In fact, we do so to describe the grammar of Yacc++ grammars.

Thus, we feel like we have most achieved a similar level of balance as
PL/I had, without creating a write-only language. Yes, you can
probably use Yacc++ to write an extensible language that diverges into
a bunch of unique and incomprehensible variants where no two
programmers are using the same language. We haven't made that
impossible, However, the freedom we have allowed does not inherently
contribute to that nor encourage it. It simply let's people write
things slightly more naturally without a lot of "line noise".

------

Now, given that, I want to dispell the illusion that it makes parsing
harder (beyond a very trivial amount). The "trick" (hack) that lets
the grammar deal with keywords that are not reserved is quite simple
(and we document how to do it for users who are designing their own
languages in our manual) and it should apply to most parser generators
and doesn't rely on any special feature of Yacc++, although we have
some features that make doing so easier.

So, for example you have a list of keywords (tokens) that you want
treated like identifiers, say "if" "then" "else" ala PL/I or "left"
"right" "token" ala Yacc++ and you have a token identifier than you
want to define other identifiers as in:

token identifier, if, then, else, left, right, token;
identifier: "a" .. "z" ("a" .. "z" | "0" .. "9")*;
if: "if";
then: "then";
else: "else";
left: "left";
right: "right";
token: "token";

To get the desired property, you simply define a non-terminal (we'll
call it "ident") that you use to represent identifiers in contexts
where you want the keywords to be allowed, as in:

ident: identifier | if | then | else | left | right | token;

Now, simply use ident where you would have used identifier previously,

rule: ident ":" ident* ";" ;

And, use the keywords where they have their special meaning:

if_stmt: if expression then stmt (else stmt)?;
left_decl: left ident ("," ident)* ";" ;

As long as the uses are unambiguous (and the generator uses) the
prefer shift in shift-reduce conflict method of resolution (or you can
force it to with "precedence" declarations), then the grammar will
work as expected.

If it is ambiguous and you want to disallow certain keywords, simply
introduce other non-terminals, such as

ident_not_if: identifier | then | else | left | right | token;

assignment : ident_not_if "=" expression; // if keyword not allowed before =

-----

Now, as I said we have features in Yacc++ that make this easier, but
the principle doesn't require our tool. And, there is much more you
can do. This is just one of the relevant grammar hacks.

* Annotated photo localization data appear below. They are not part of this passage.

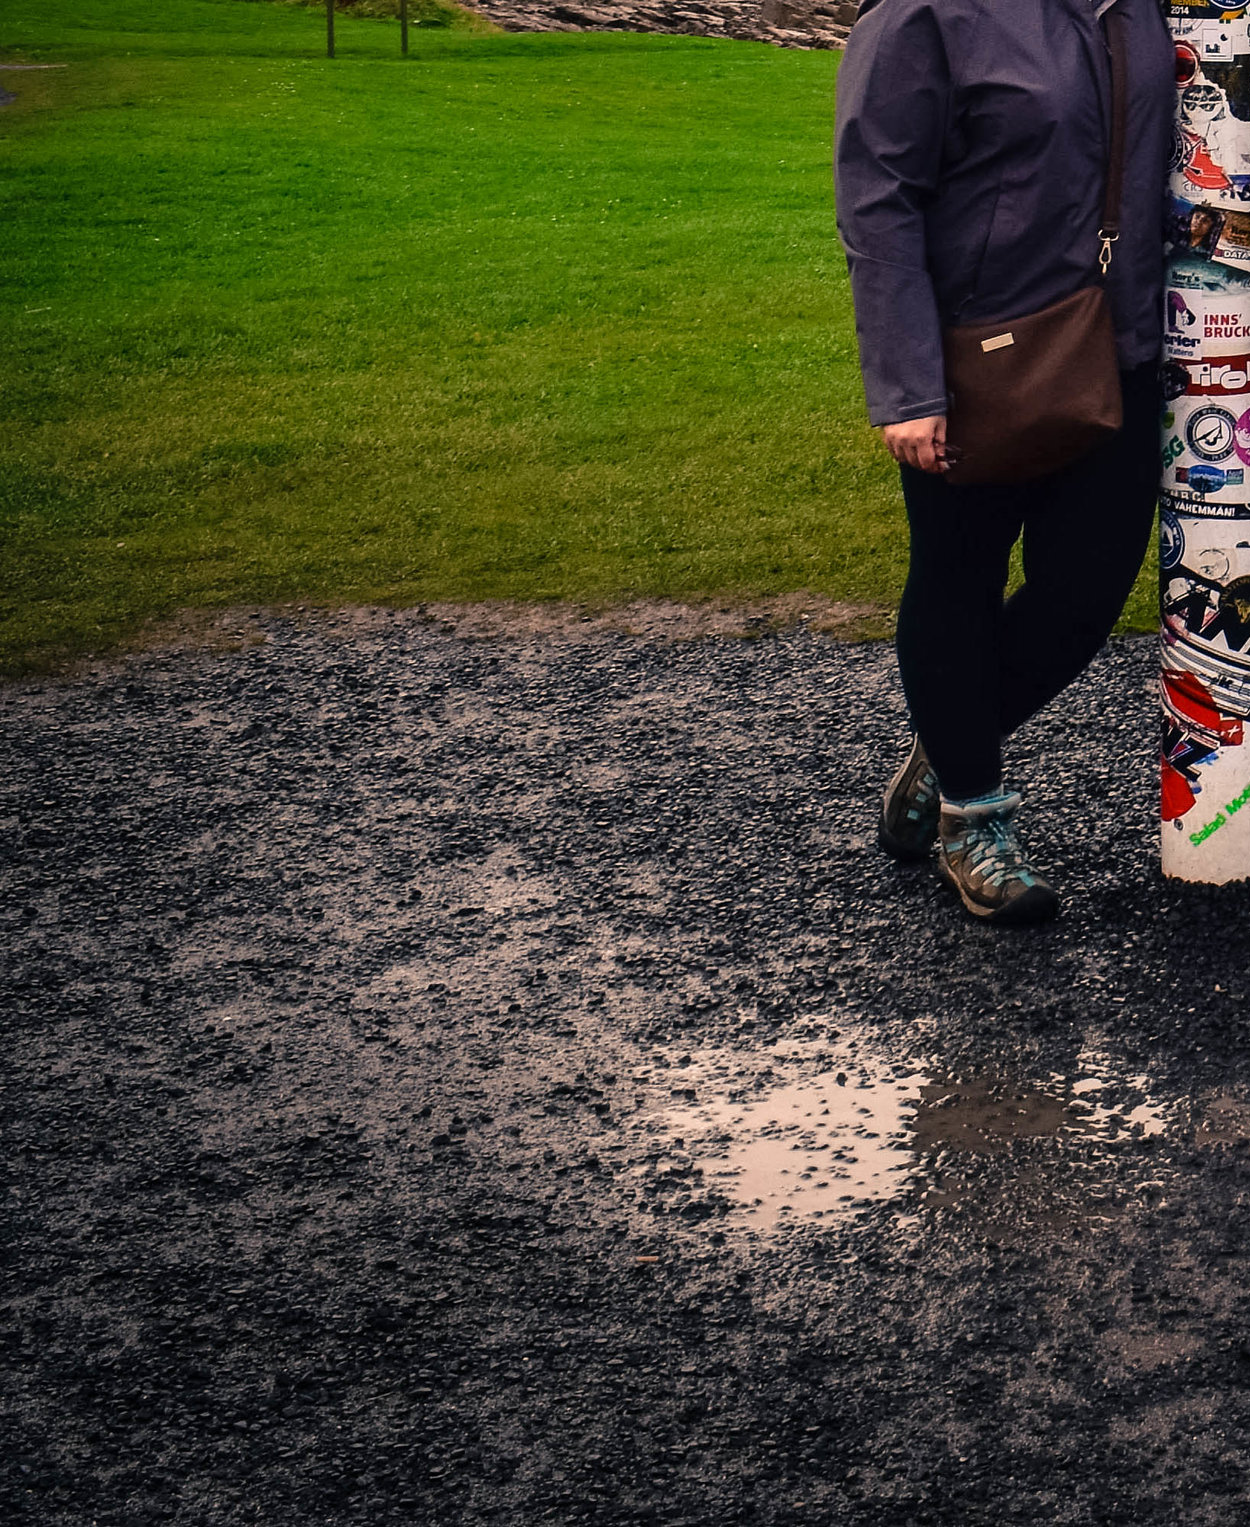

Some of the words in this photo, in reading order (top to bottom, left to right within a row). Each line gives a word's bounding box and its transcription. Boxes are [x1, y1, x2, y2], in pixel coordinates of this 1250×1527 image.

[1171, 6, 1190, 15] 2014
[1203, 314, 1243, 326] INNS'
[1203, 326, 1250, 339] BRUCK
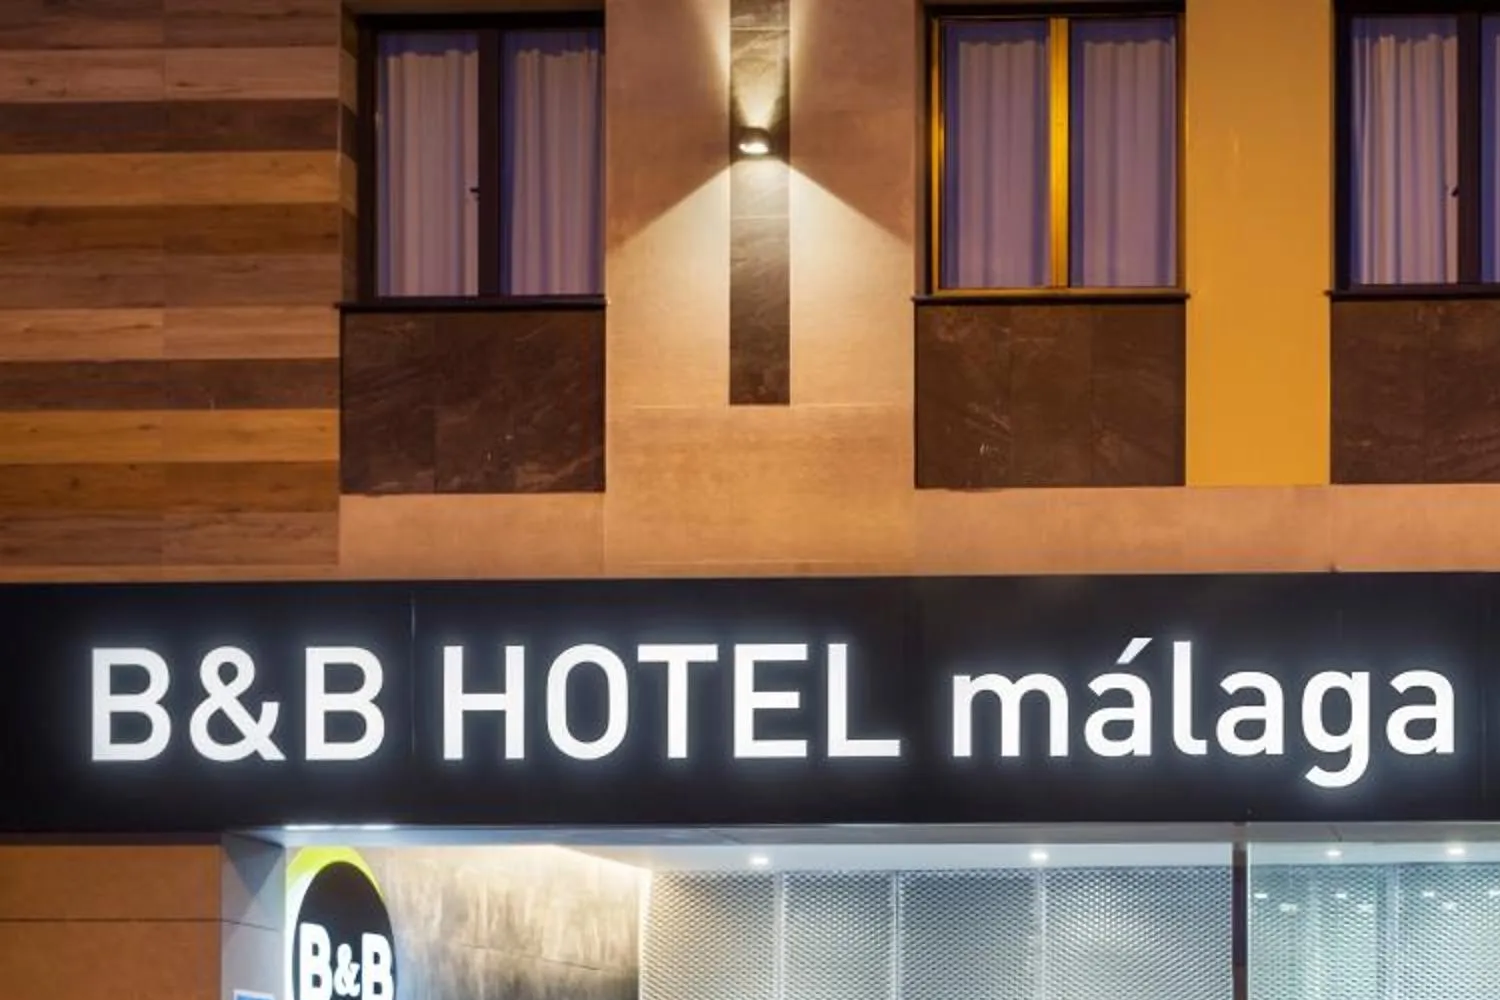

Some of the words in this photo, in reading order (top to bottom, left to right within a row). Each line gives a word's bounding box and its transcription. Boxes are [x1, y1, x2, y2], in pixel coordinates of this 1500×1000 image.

[92, 645, 386, 762] B&B
[442, 642, 901, 760] HOTEL
[952, 636, 1455, 789] málaga
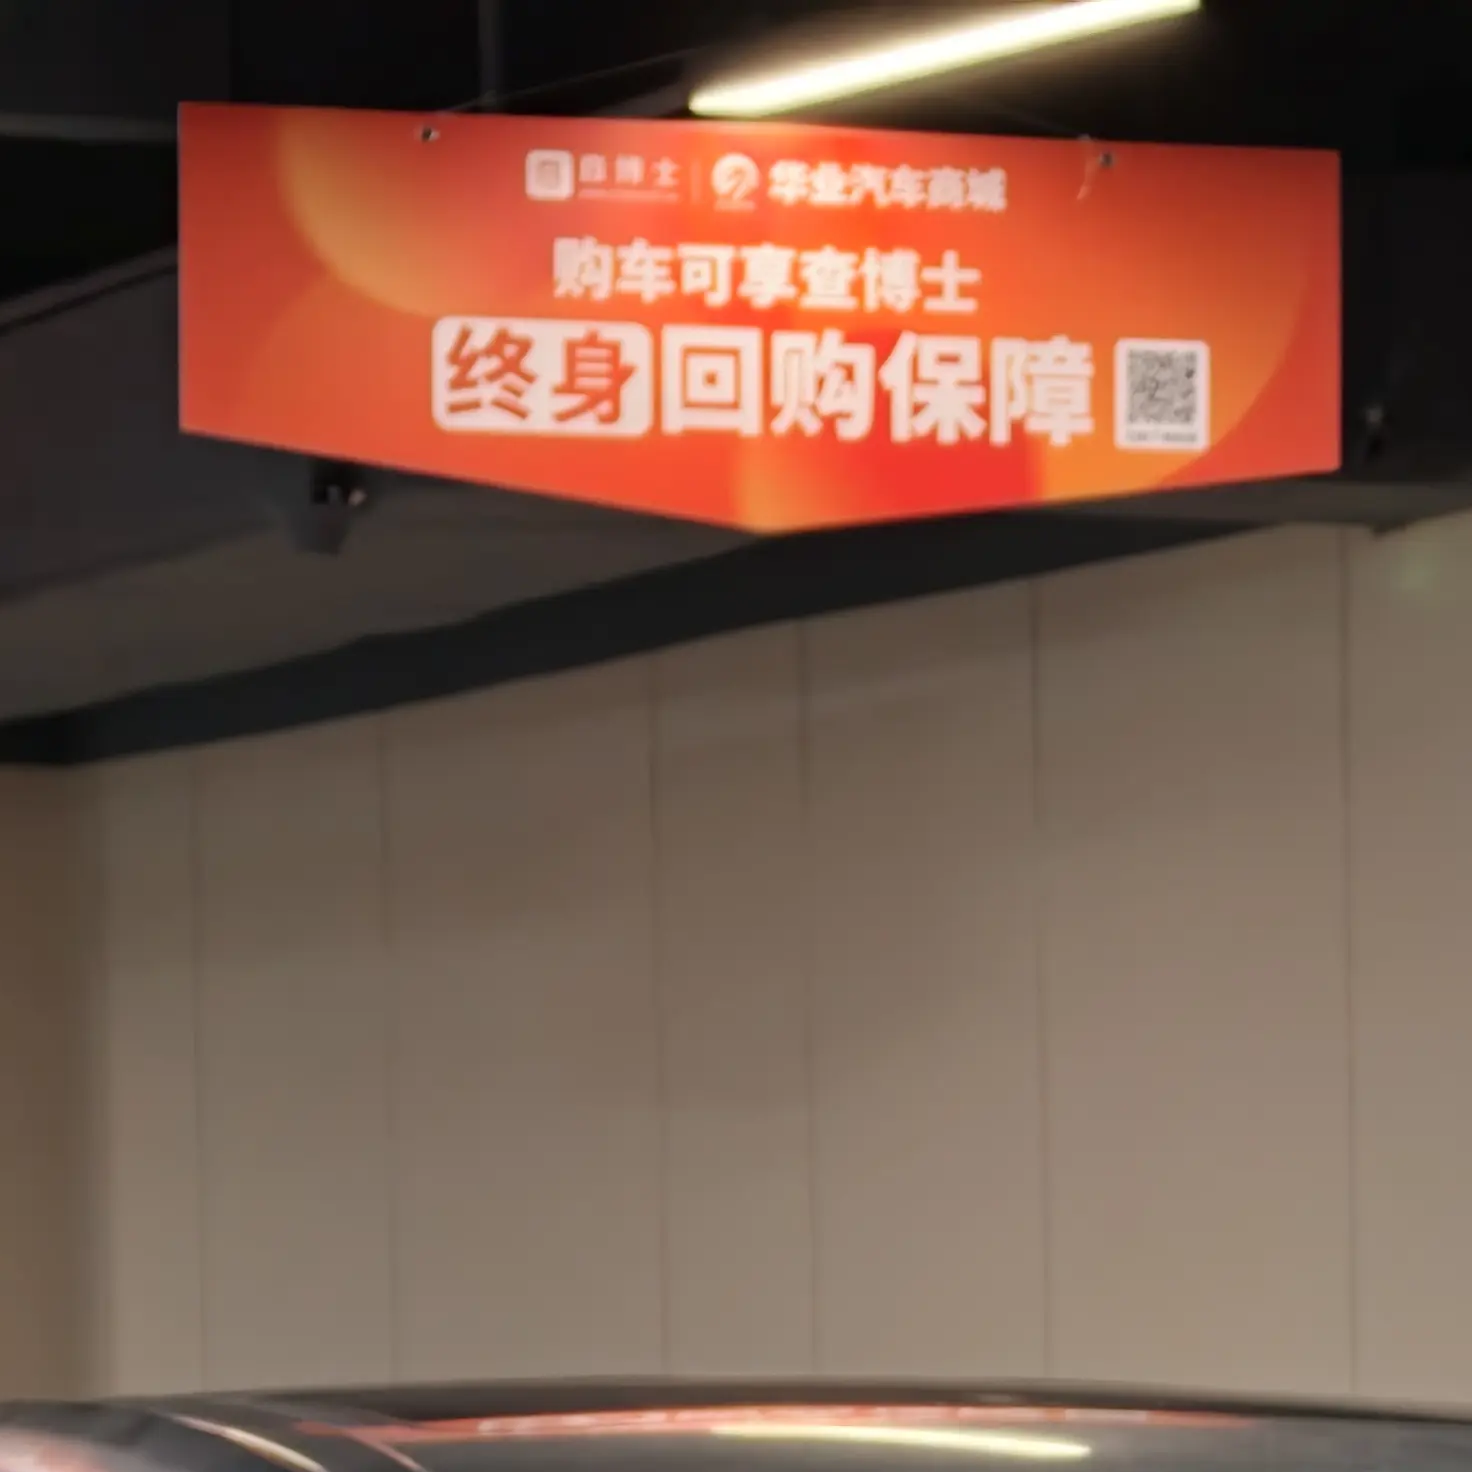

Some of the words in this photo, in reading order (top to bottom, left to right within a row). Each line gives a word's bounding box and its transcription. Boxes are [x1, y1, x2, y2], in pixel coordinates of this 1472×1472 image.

[552, 234, 983, 313] 购车可享查博士
[445, 320, 1096, 447] 终身回购保障

*) yy_error might also be a reserved word used as part of error recovery.

-- ****************************************************************************** Chris Clark email: christopher.f.clark@compiler-resources.com Compiler Resources, Inc. Web Site: http://world.std.com/~compres
23 Bailey Rd voice: (508) 435-5016
Berlin, MA 01503 USA twitter: @intel_chris ------------------------------------------------------------------------------ --- Synchronet 3.21b-Linux NewsLink 1.2

From gah4@gah4@u.washington.edu to comp.compilers on Sat Dec 3 17:15:55 2022

From Newsgroup: comp.compilers

On Saturday, December 3, 2022 at 4:27:51 PM UTC-8, christoph...@compiler-resources.com wrote:

The discussion on reserved words versus keywords reminds me of
decisions we made while building Yacc++. It is worth noting that we
(both of its developers) worked at Pr1me computer where PL/I dialects
were the key programming language used in build both the OS and the compilers, so we were likely highly influenced by that.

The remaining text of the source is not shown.